We don't track the source of all primitive values. The focus is on byte and char values, and to a lesser extent ints and longs.

Method invocations

The dataflow analysis from the previous section is limited to handling flow of primitive values within a single method. Those values also flow into other methods, as arguments and return values of method invocations. We model that in Invocation, which stores PointTrackers for arguments and return values. The Invocation is stored in a ThreadLocal just before a method invocation, and retrieved at the start of the implementation of the method.

For example, take this code passing a primitive value to a "write" method:

void caller() {
  byte b = ...;
  out.write(b);  
}

...

class MyOutputStream {
  void write(byte value) {
    ... // do something with value
  }
}

To get the TrackerPoint of b into the write method, the code is instrumented like this:

void caller() {
  byte b = ...;
  TrackerPoint bTracker = ...;
  Invocation.create("write(byte)")
    .setArg(0, bTracker)
    // this puts the Invocation in the ThreadLocal
    .calling(); 
  out.write(b);  
}

...

class MyOutputStream {
  void write(byte value) {
    // this extracts the Invocation from the ThreadLocal
    Invocation invocation = Invocation.start("write(byte)");
    TrackerPoint valueTracker = invocation.getArg0();
    ... // do something with value & valueTracker
  }
}

Implementation: Invocation, InvocationArgStore, InvocationArgValue, InvocationReturnStore, InvocationReturnValue, InvocationOutgoingTransformation, InvocationIncomingTransformation

Code as origin

There are two main types of tracked origins of data. There is I/O, which is tracked as explained in the "Basic instrumentation" section. And there are values coming from the code itself, such as primitive and String constants ('a', "abc").

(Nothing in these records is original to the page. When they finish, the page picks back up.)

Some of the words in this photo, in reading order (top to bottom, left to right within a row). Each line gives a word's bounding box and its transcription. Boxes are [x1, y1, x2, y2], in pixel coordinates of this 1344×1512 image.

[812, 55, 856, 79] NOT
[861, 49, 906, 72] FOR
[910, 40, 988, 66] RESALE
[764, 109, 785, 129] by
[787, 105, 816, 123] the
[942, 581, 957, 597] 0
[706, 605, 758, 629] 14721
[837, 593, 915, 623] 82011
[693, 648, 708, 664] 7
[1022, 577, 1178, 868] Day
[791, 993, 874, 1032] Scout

For those, we create a tracker for each class (a ClassOriginTracker), that contains a textual representation of that class and the constants that it references. When those constants are referenced, we then point the trackers for those values at the corresponding place in that textual representation. That is as if our textual representation of the class is where the values were read from. That makes our model for constants look very similar to how we model I/O.

For example for this code:

class MyClass {
  void myMethod() {
    char a = 'x';
    ... // do something with a
  }
}

We generate a ClassOriginTracker with content that looks like this:

class MyClass
void myMethod():
  (line 3): x

And the code gets rewritten to something like:

class MyClass {
  void myMethod() {
    char a = 'x';
    TrackerPoint aTracker = ConstantHook.constantPoint(
      1234 /* id for MyClass*/,
      81 /* offset of 'x' in the ClassOriginTracker content */);
    
    ... // do something with a and aTracker
  }
}

For performance reasons, we actually use ConstantDynamic (JEP 309) to ensure that the constantPoint methods are only invoked once instead of every time myMethod executes.

Implementation: ClassOriginTracker, ConstantValue, ConstantsTransformation

String literals

For String literals, we create a new copy of the String, and associate the content of the String (the byte[] in String.value) with the ClassOriginTracker. A statement like String s = "abc"; gets rewritten to String s = StringHook.constantString("abc", 1234, 81);. This breaks a guarantee that the JVM normally provides, that all String constants are interned: all occurrences of the same String constant should refer to the same instance. Most code doesn't actually rely on String interning, but code that does would get broken by our instrumentation. We avoid most of the issues that could cause because:

  • We use ConstantDynamic, so the same String literal (at the same line of code) executed multiple times still gives the same instance every time.
  • We rewrite some stringA == stringB expressions as Objects.equals(stringA, stringB), so that from some points of view they look like the same instance again.
  • We disable tracking of String literals in some packages (such as java.lang.*). This is configurable (see breakStringInterning in USAGE.md).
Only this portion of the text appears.